Some of the Common Forms of Creatine
Creatine supplements are available in different forms. Creatine monohydrate is a well-studied form. Many other forms of creatine are currently more effective than the creatine monohydrate; however, fewer studies support it.
Creatine monohydrate is widely accepted, has the best safety record, is readily available, effective, and is cheaper. Many studies recommend creatine monohydrate as the best and widely accepted creatine supplement form among the available.
Creatine hydrochloride (HCL) is another form of creatine supplement in which creatine molecules are bound with hydrochloric acid. This form helps to speed up the solubility and enhances the absorption.
According to a study, creatine hydrochloride has better solubility when compared with creatine monohydrate form. Due to its solubility factor, creatine hydrochloride is getting wide acceptability. More studies are required to support its safety and understand the side effects in the long term.
Creatine Ethyl Ester
Some pharma companies, which produce creatine ethyl ester, claim that it is better than the other forms of supplements. Studies suggest that it has better absorption than creatine monohydrate in the body.
Experts suggest that due to differences in muscle absorption rate, it may outperform creatine monohydrates. Few studies indicate that it is not recommended as it leads to excess creatine content in blood and muscles. Hence, creatine ethyl ester is not recommended as a creatine supplement.
Pharma companies have attempted to improve the stability of creatine by adding alkaline powder which results in buffered creatine.

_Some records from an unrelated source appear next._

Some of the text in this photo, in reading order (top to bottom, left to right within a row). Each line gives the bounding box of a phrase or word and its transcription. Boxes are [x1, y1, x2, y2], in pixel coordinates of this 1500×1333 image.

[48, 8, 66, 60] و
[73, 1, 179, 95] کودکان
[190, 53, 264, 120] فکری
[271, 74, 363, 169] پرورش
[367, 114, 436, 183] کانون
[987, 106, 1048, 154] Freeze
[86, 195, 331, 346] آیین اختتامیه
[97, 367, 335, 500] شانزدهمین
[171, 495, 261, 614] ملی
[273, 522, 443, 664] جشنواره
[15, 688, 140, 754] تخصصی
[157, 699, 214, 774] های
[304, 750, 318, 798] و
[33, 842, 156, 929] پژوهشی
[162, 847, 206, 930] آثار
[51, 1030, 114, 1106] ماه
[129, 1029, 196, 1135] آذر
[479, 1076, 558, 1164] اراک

Experts suggest that alkaline properties could increase its potency and reduce the side effects such as bloating and cramping. But studies say that buffered creatine and creatine monohydrate both have the same effects.

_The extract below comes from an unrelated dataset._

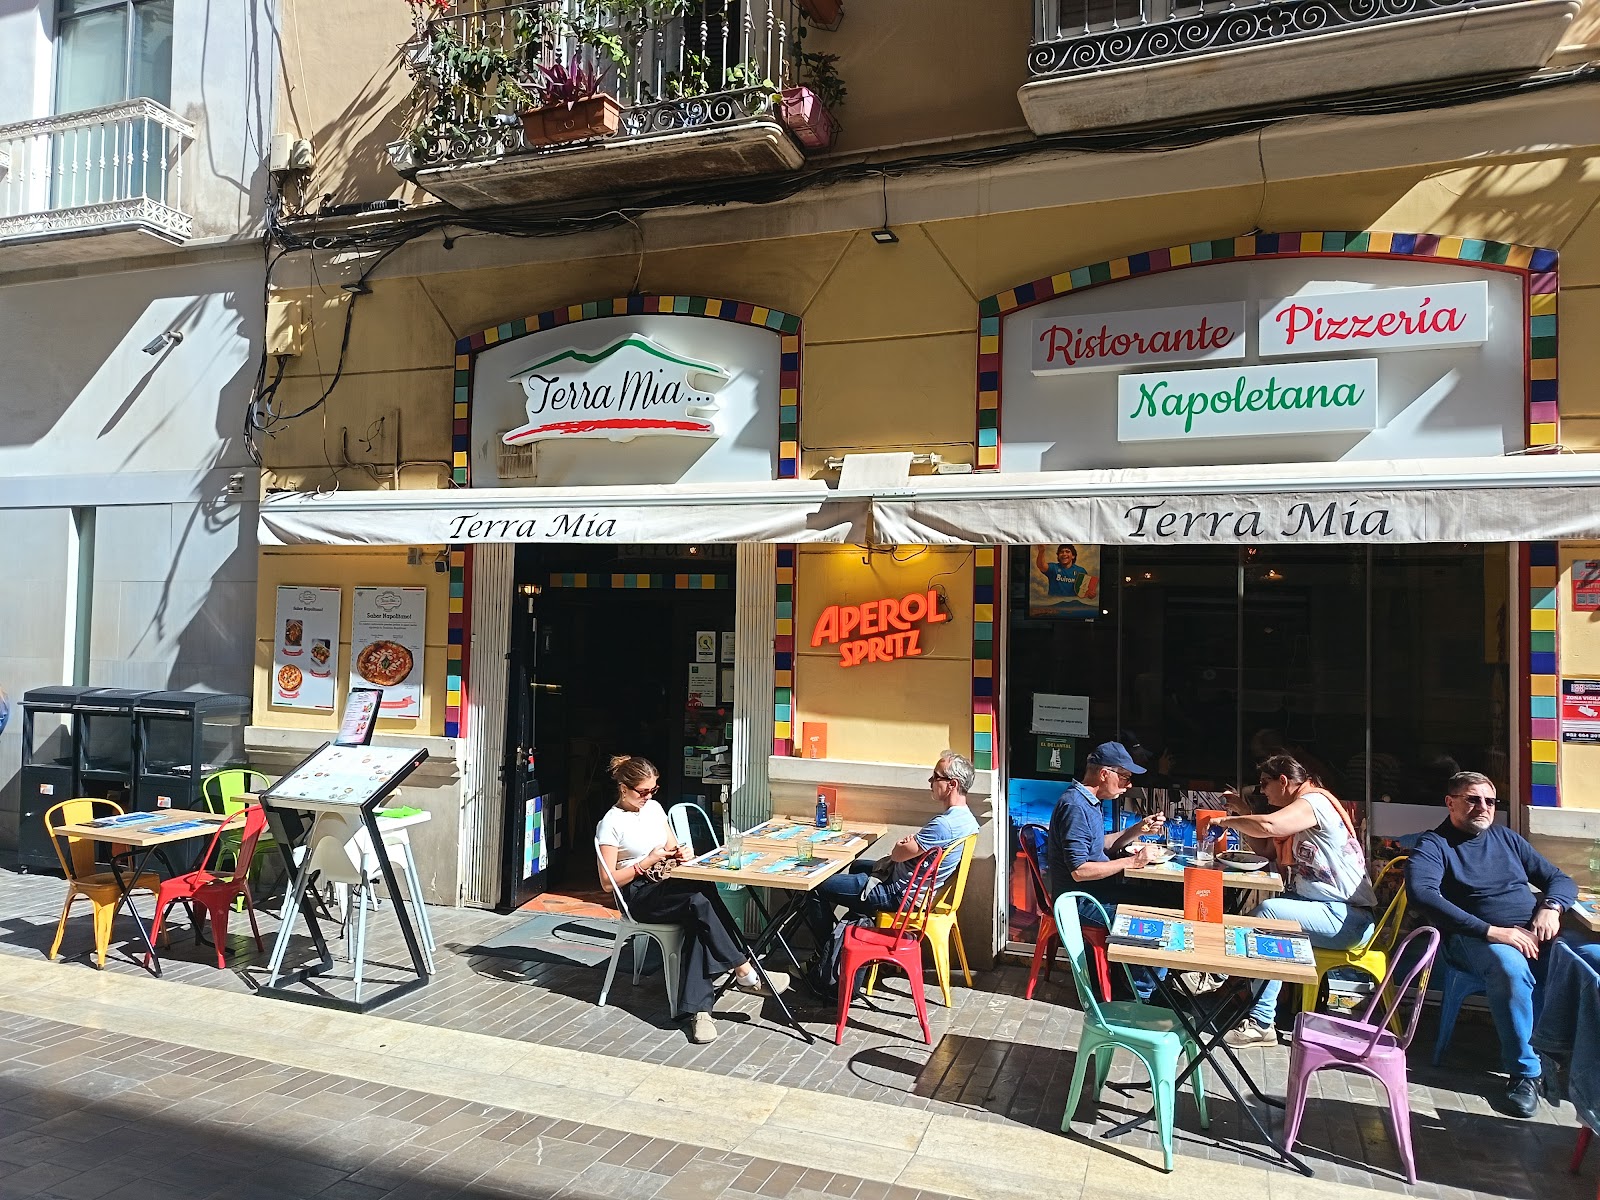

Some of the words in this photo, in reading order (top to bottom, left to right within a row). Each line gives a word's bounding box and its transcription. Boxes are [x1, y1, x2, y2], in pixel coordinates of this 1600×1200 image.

More studies have to be done to confirm the effectiveness of buffered creatine. So currently, the best available form of creatine supplement would be Creatine monohydrate.
If you are a carnivore dieter, you will be getting sufficient levels of creatine through your exclusive meat diet.
Creatine is one of the most popular supplements that help to enhance, build, and repair muscles and also improve performance. Based on the available research, it is considered to be safe. However, you should consult your doctor before taking creatine supplements.
If you are on a carnivore diet, you are getting natural creatine through your food. Experts suggest that people were able to increase their creatine levels through diet without any side effects. In ancient times our ancestor’s diet has helped them to endure and gain energy through their meat diet.
If you are on a carnivore diet, consult your doctor before taking creatine supplements. It suggested taking the lowest dose if required. High doses of creatine may cause adverse effects.